### Extracted information
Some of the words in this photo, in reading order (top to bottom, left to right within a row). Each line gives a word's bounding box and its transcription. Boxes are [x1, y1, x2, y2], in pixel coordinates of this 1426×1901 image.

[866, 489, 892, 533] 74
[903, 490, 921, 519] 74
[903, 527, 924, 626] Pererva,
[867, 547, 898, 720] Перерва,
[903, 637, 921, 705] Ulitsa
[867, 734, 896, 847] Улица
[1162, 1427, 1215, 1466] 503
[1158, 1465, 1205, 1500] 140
---
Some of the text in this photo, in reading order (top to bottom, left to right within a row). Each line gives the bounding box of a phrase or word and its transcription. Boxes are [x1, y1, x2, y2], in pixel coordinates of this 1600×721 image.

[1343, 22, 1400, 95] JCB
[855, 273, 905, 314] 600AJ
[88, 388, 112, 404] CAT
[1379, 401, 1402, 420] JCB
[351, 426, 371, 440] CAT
---
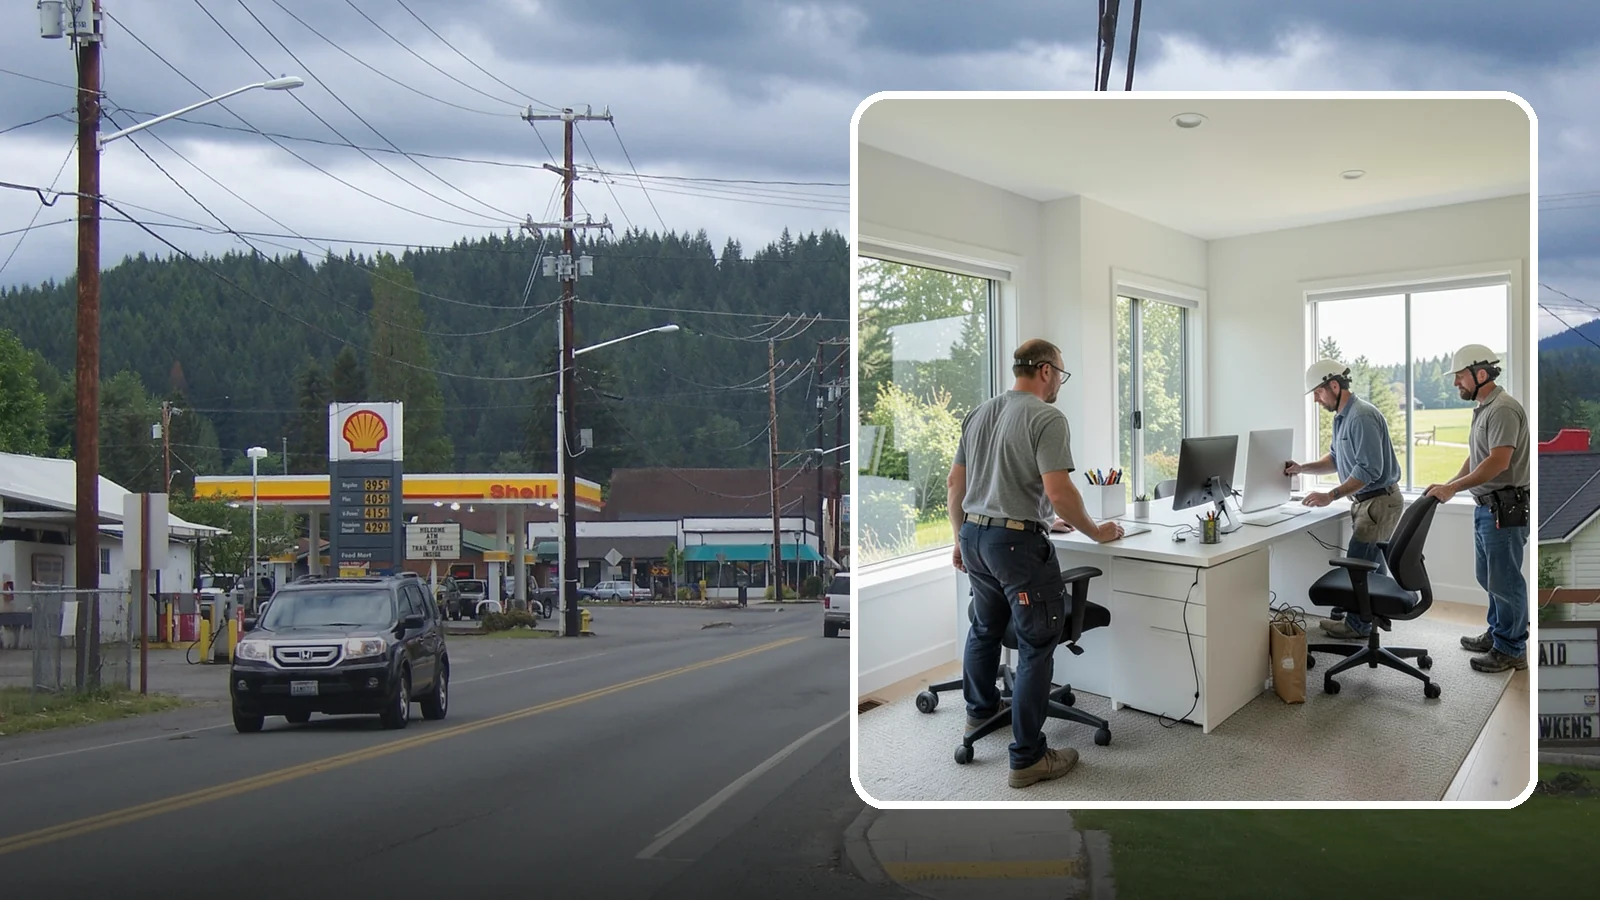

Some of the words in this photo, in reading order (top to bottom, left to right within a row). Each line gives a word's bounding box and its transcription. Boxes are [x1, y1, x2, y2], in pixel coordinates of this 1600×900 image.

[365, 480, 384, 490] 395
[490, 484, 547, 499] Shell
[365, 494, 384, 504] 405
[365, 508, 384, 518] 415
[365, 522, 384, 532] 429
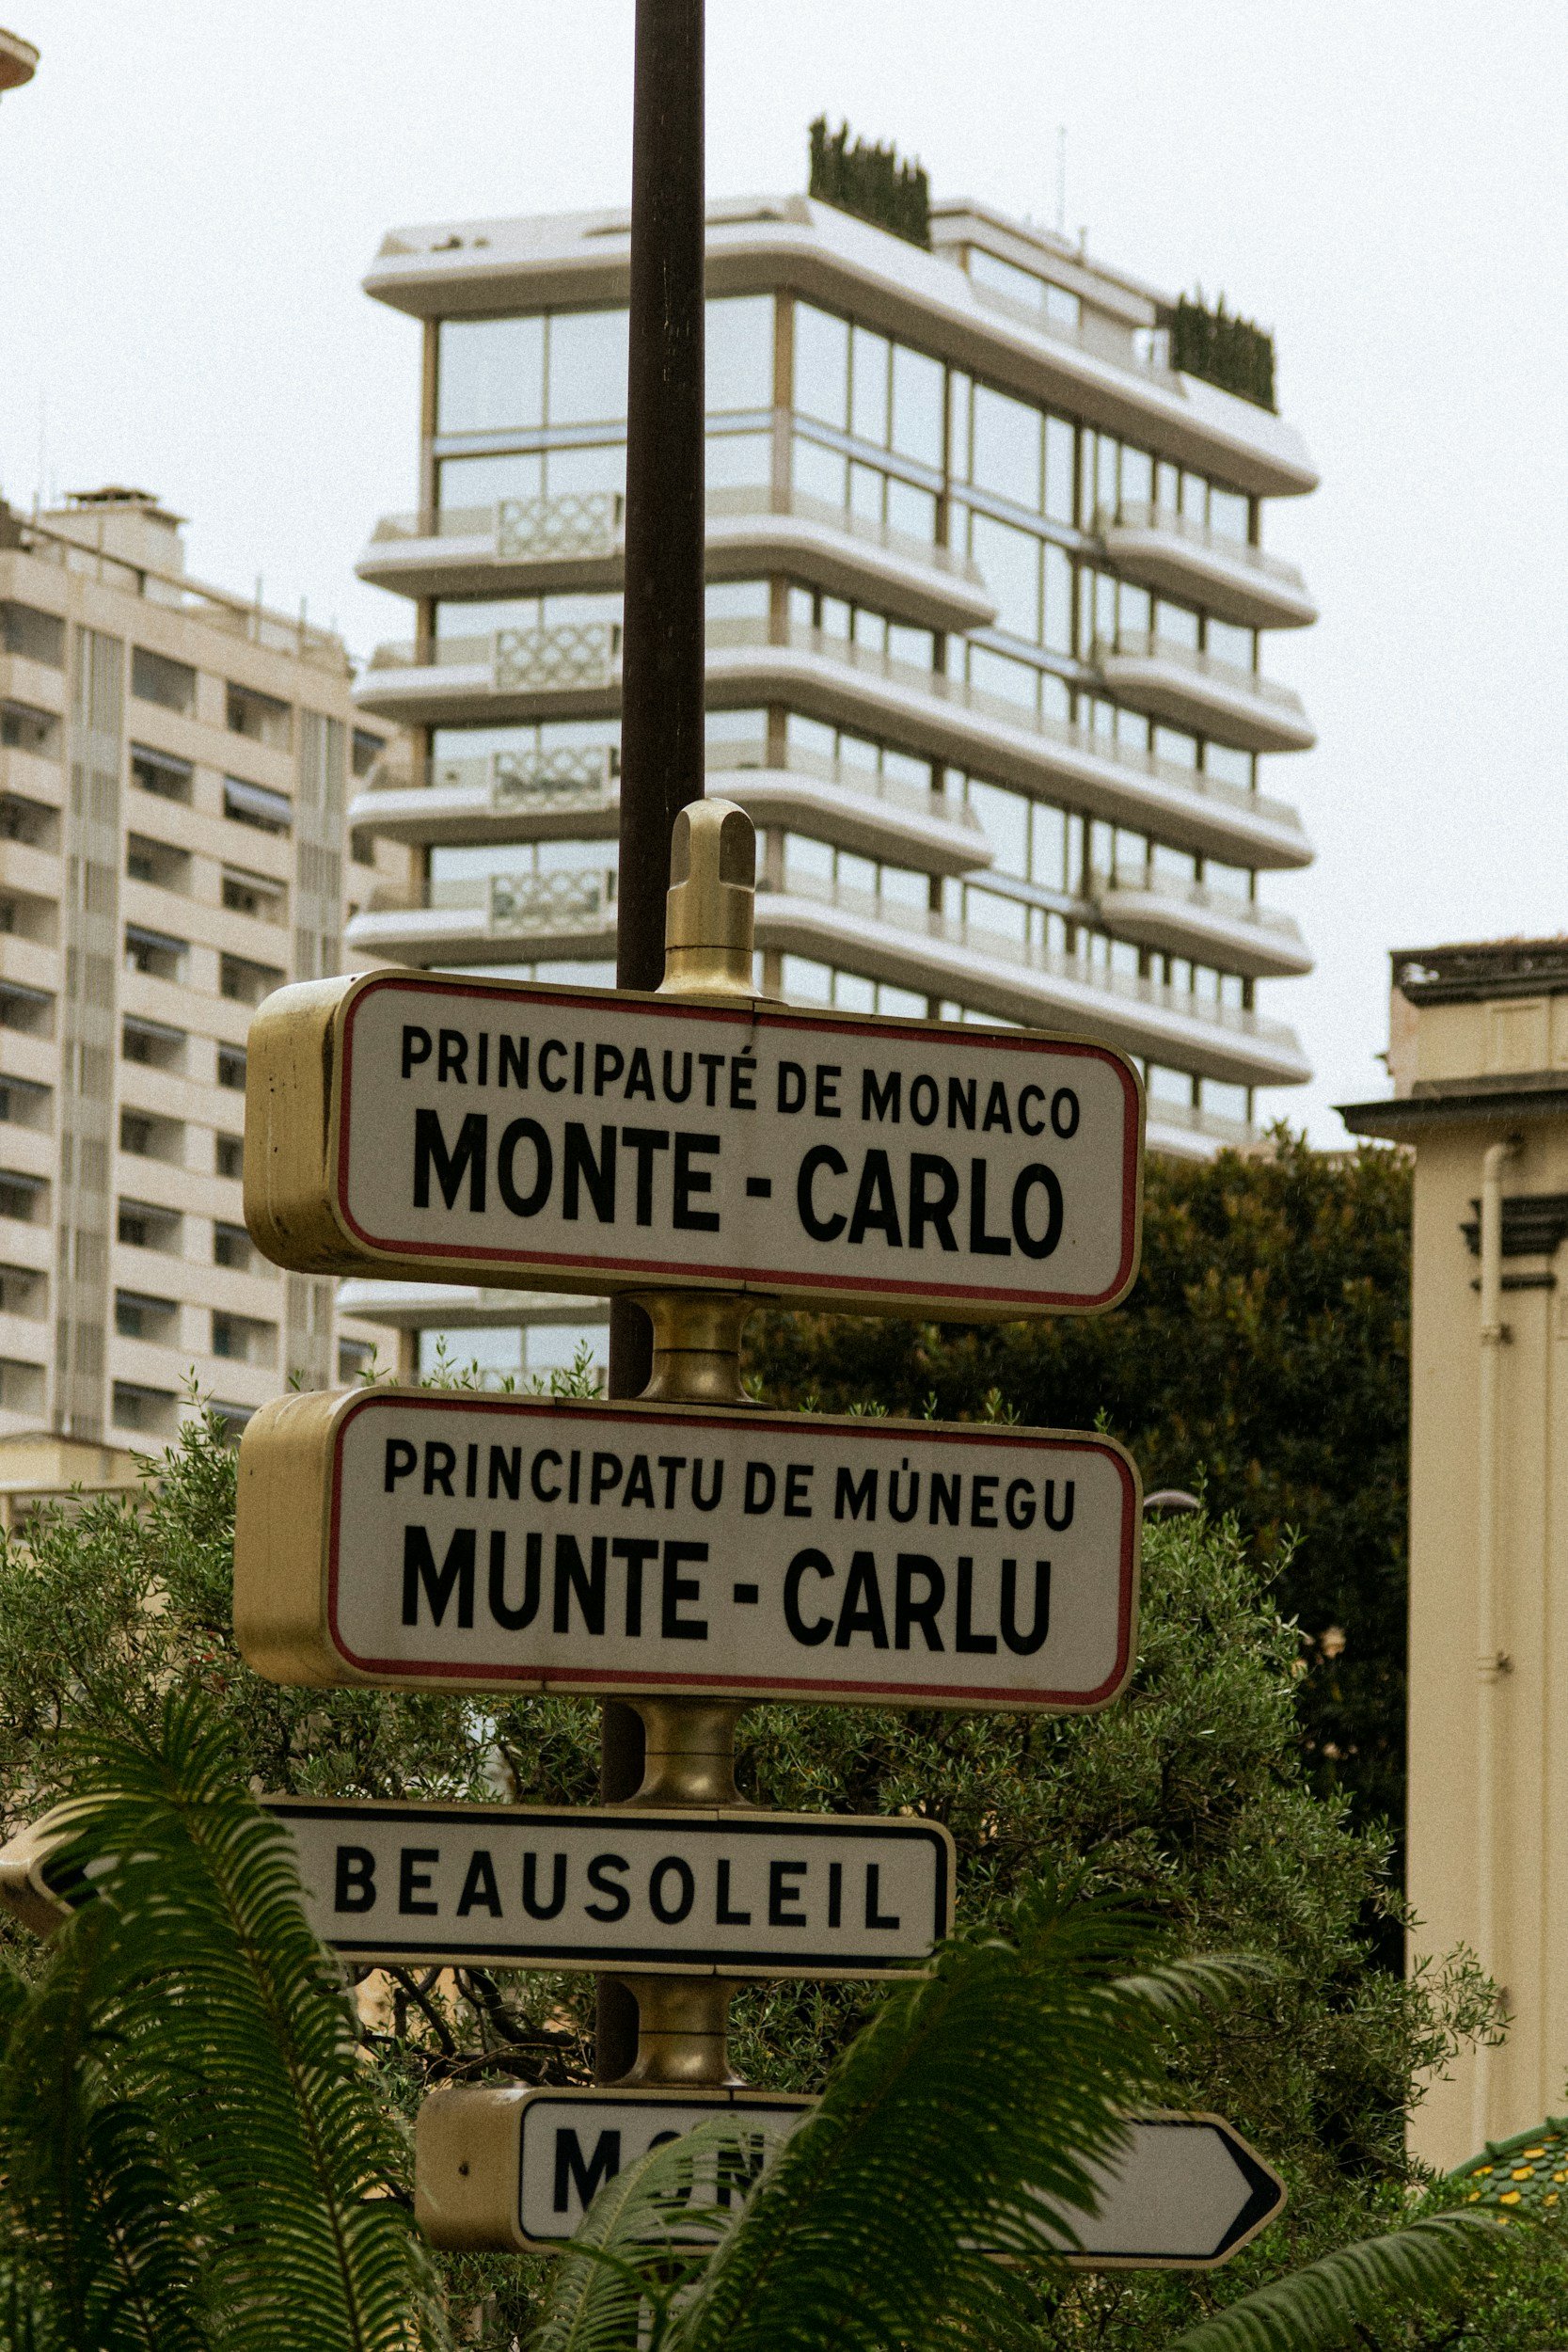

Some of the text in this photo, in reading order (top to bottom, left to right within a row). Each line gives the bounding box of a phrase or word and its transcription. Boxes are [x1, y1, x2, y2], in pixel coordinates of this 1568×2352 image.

### Goal of the exercise
Only the lines between the one with "this 1600×900 image." and the one with "this 1568×2352 image.", those two included, get copied from the material above. Keep it exact and free of pictures.

### Answer for this exercise
Some of the words in this photo, in reading order (top to bottom, left to right within a row). Each line gives a word's bounding box and its transcription. Boxes are [x1, y1, x2, y2], in pixel coordinates of this 1600×900 image.

[365, 480, 384, 490] 395
[490, 484, 547, 499] Shell
[365, 494, 384, 504] 405
[365, 508, 384, 518] 415
[365, 522, 384, 532] 429

Some of the text in this photo, in reading order (top to bottom, left to right within a row). Each line gives the bounding box of a phrase or word and its transcription. Boxes are [x1, y1, x2, y2], in pixel coordinates of this 1568×2352 image.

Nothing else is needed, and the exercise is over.